───── GIVEN RECORDS ─────
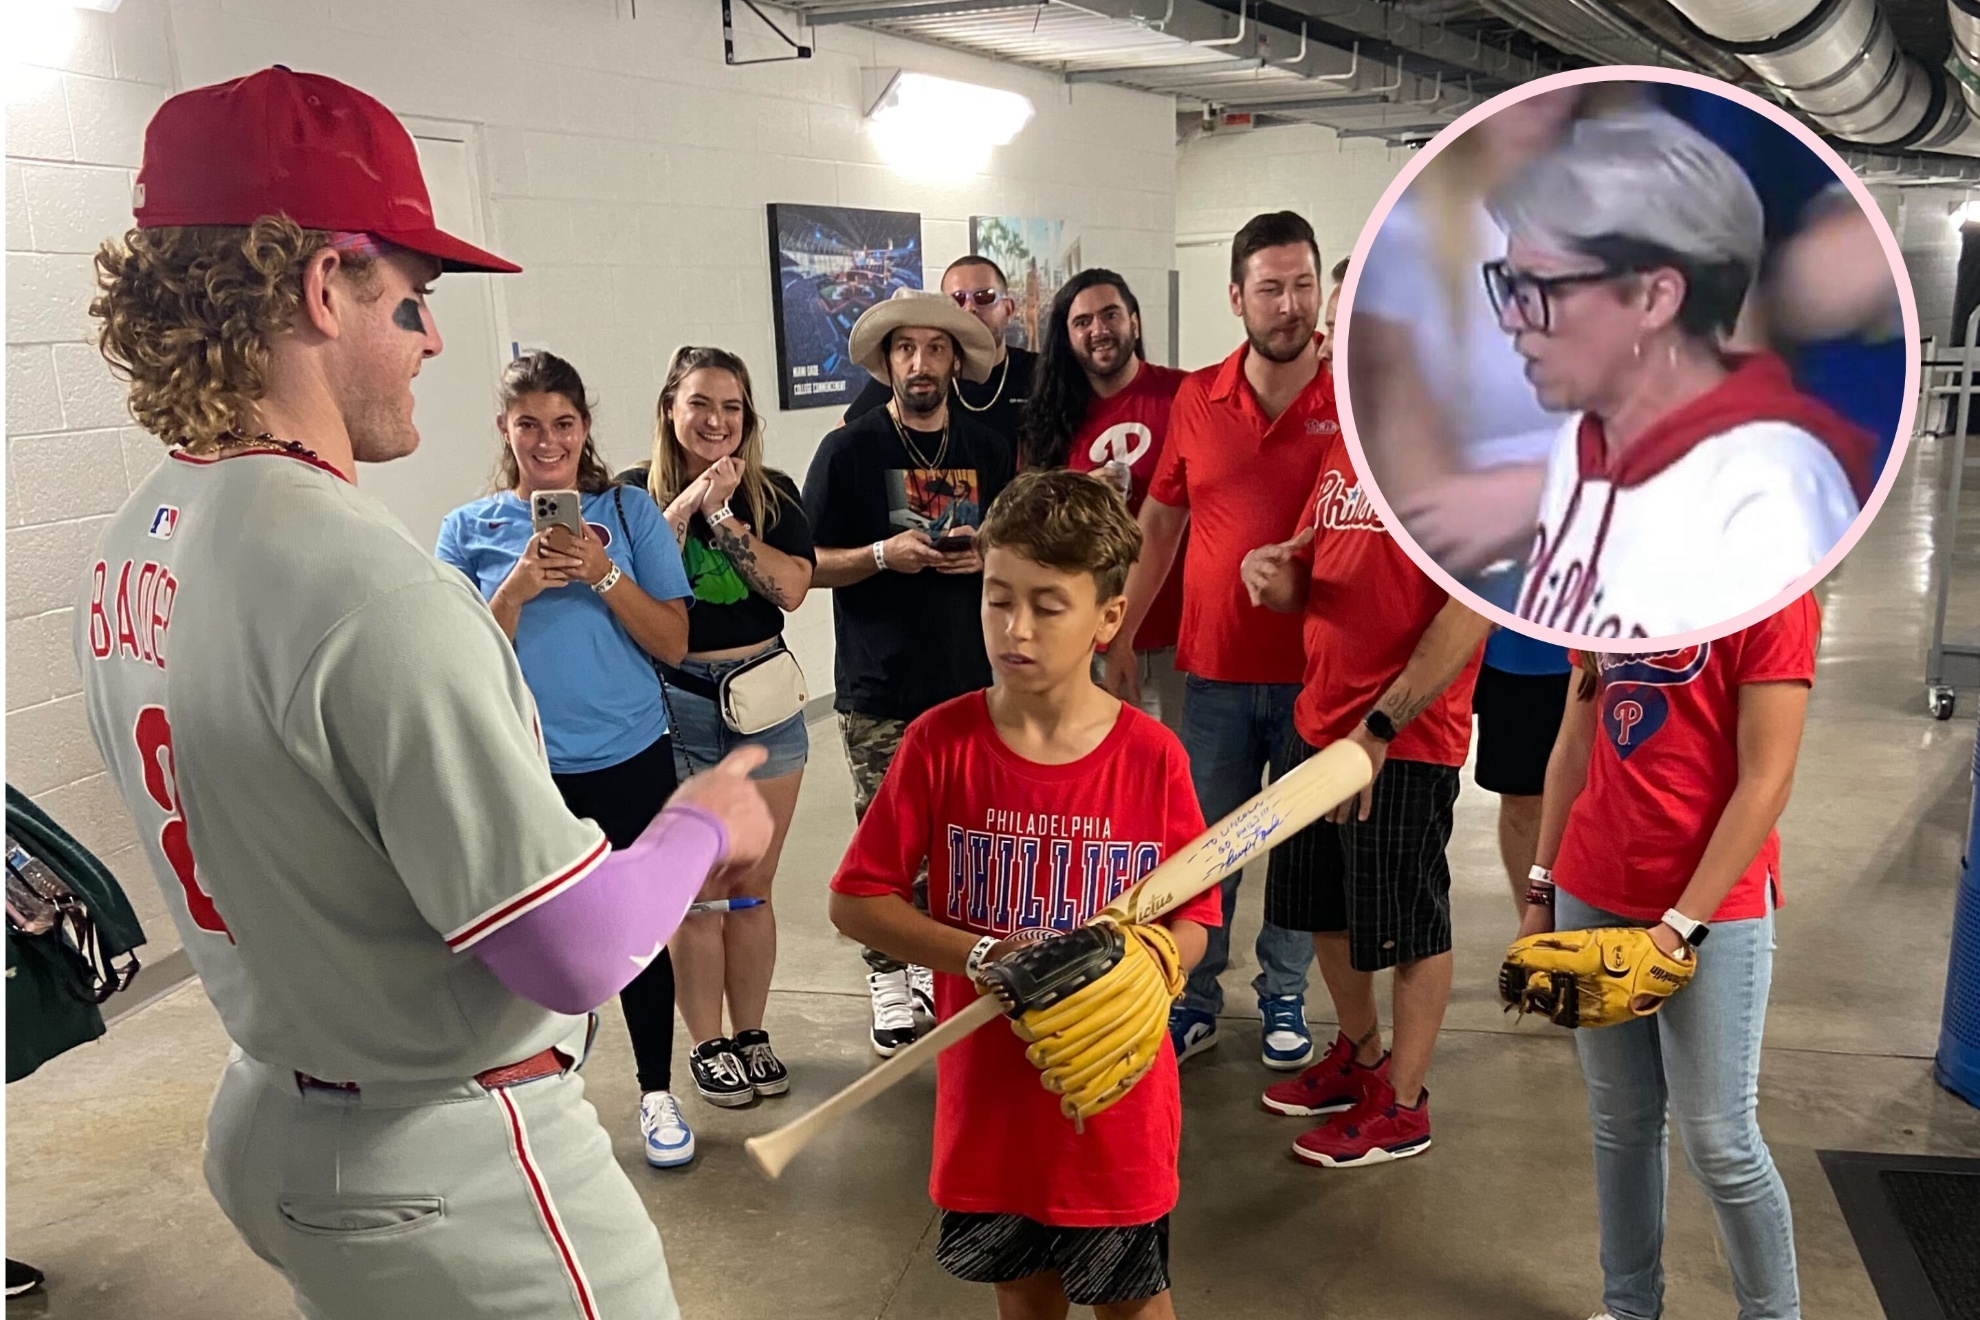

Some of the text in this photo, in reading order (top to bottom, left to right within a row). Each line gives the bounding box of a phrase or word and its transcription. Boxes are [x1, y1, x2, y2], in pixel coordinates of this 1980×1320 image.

[1088, 421, 1152, 468] P
[1613, 700, 1643, 745] P
[986, 808, 1112, 839] PHILADELPHIA
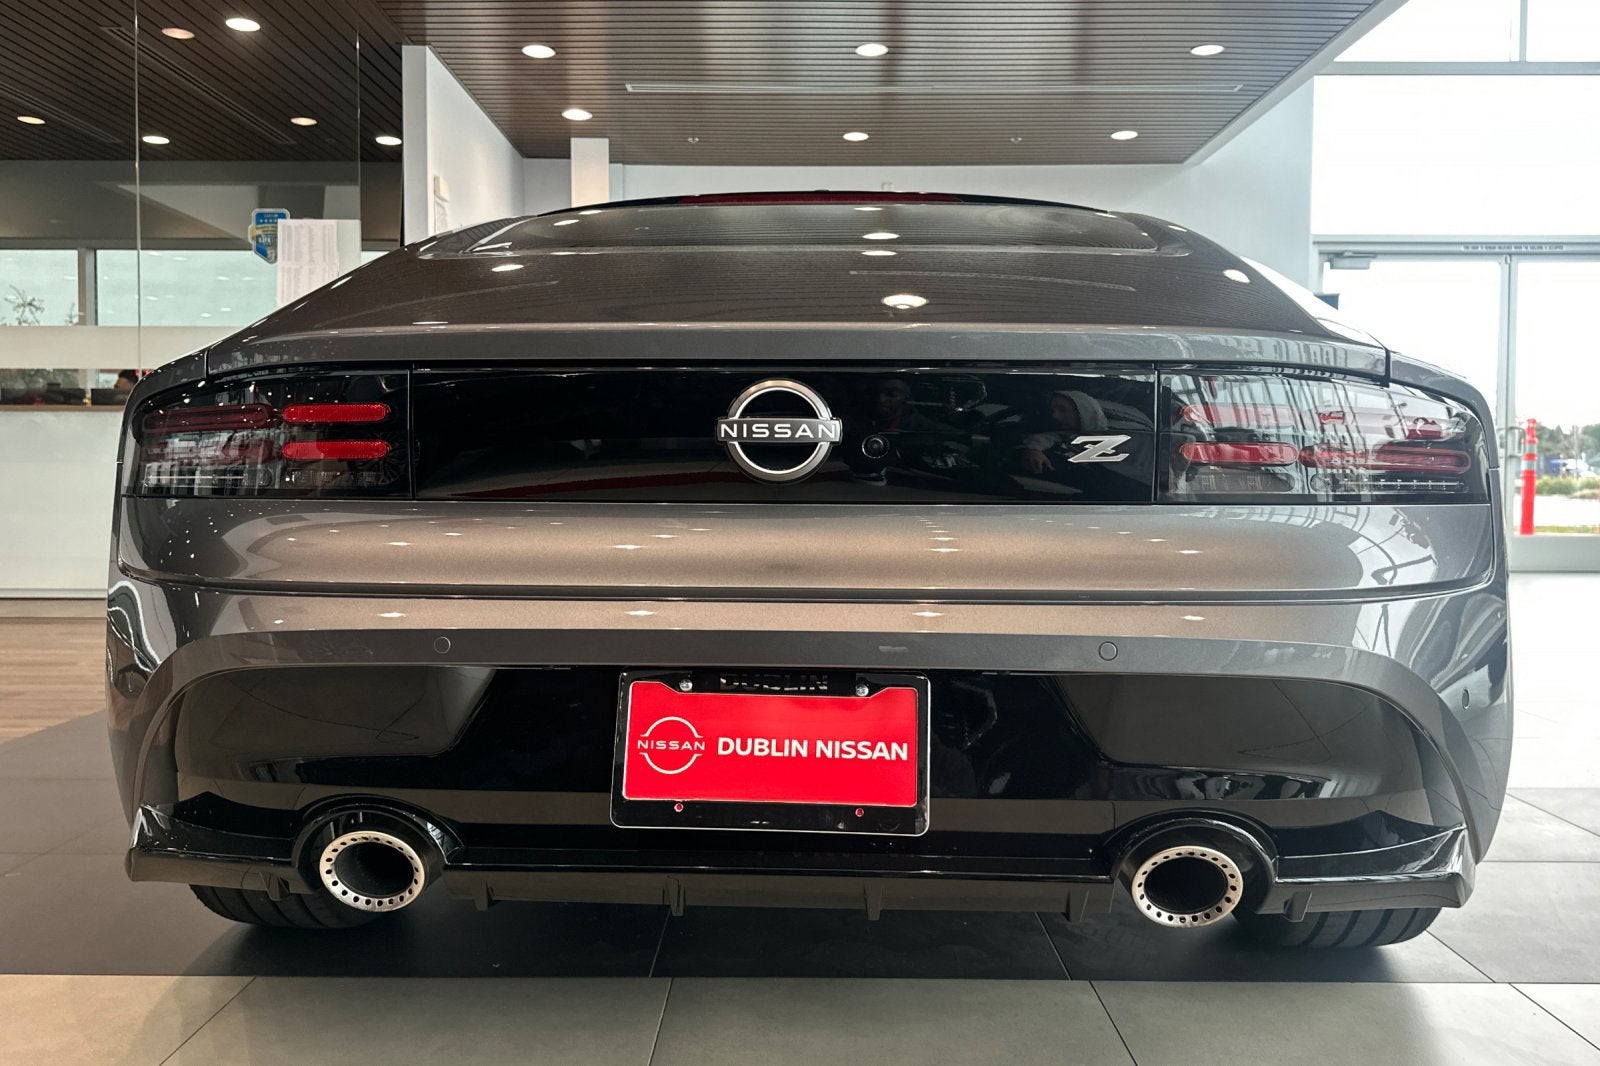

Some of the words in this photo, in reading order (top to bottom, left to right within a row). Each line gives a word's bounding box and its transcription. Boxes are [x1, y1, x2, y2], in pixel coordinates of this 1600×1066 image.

[720, 422, 836, 438] NISSAN
[1067, 435, 1132, 463] Z
[637, 738, 705, 751] NISSAN
[717, 737, 808, 757] DUBLIN
[815, 740, 908, 761] NISSAN
─────
◆ **ABOUT THIS TASK**: The records above are to be duplicated exactly, pictures left out.

◆ **SOLUTION**:
Some of the text in this photo, in reading order (top to bottom, left to right within a row). Each line gives the bounding box of a phrase or word and its transcription. Boxes are [x1, y1, x2, y2], in pixel coordinates of this 1980×1320 image.

[1088, 421, 1152, 468] P
[1613, 700, 1643, 745] P
[986, 808, 1112, 839] PHILADELPHIA

Some of the words in this photo, in reading order (top to bottom, left to right within a row). Each line gives a word's bounding box and its transcription. Boxes are [x1, y1, x2, y2], in pixel coordinates of this 1600×1066 image.

[720, 422, 836, 438] NISSAN
[1067, 435, 1132, 463] Z
[637, 738, 705, 751] NISSAN
[717, 737, 808, 757] DUBLIN
[815, 740, 908, 761] NISSAN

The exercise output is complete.